◆ **What the exercise asks**
The reply should hold every record, copied exactly, and none of the pictures.

◆ **Source material**
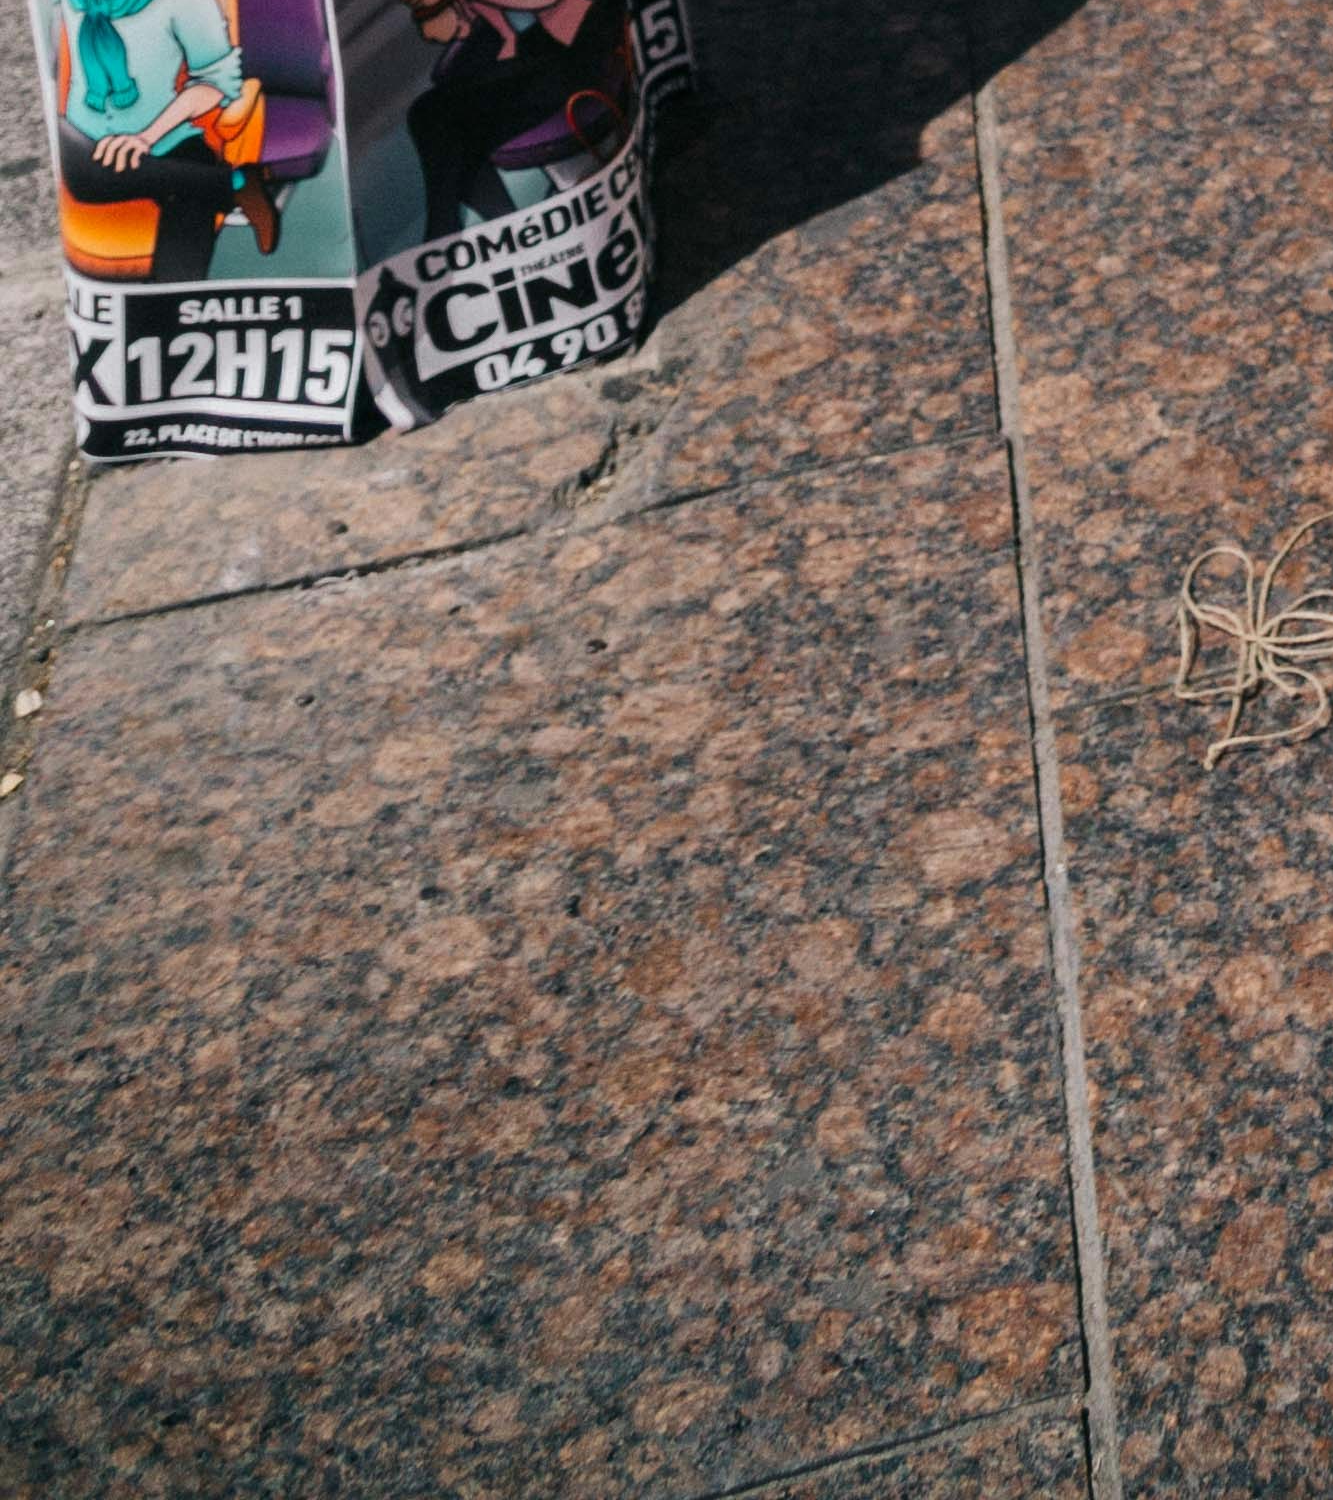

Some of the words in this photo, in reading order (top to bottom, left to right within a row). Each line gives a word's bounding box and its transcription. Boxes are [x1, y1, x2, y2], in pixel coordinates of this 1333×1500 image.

[178, 296, 281, 325] SALLE
[285, 296, 302, 320] 1
[127, 328, 354, 405] 12H15
[474, 348, 548, 392] 04
[550, 312, 619, 368] 90

◆ **Task response**
Some of the words in this photo, in reading order (top to bottom, left to right within a row). Each line gives a word's bounding box and its transcription. Boxes are [x1, y1, x2, y2], in pixel coordinates of this 1333×1500 image.

[178, 296, 281, 325] SALLE
[285, 296, 302, 320] 1
[127, 328, 354, 405] 12H15
[474, 348, 548, 392] 04
[550, 312, 619, 368] 90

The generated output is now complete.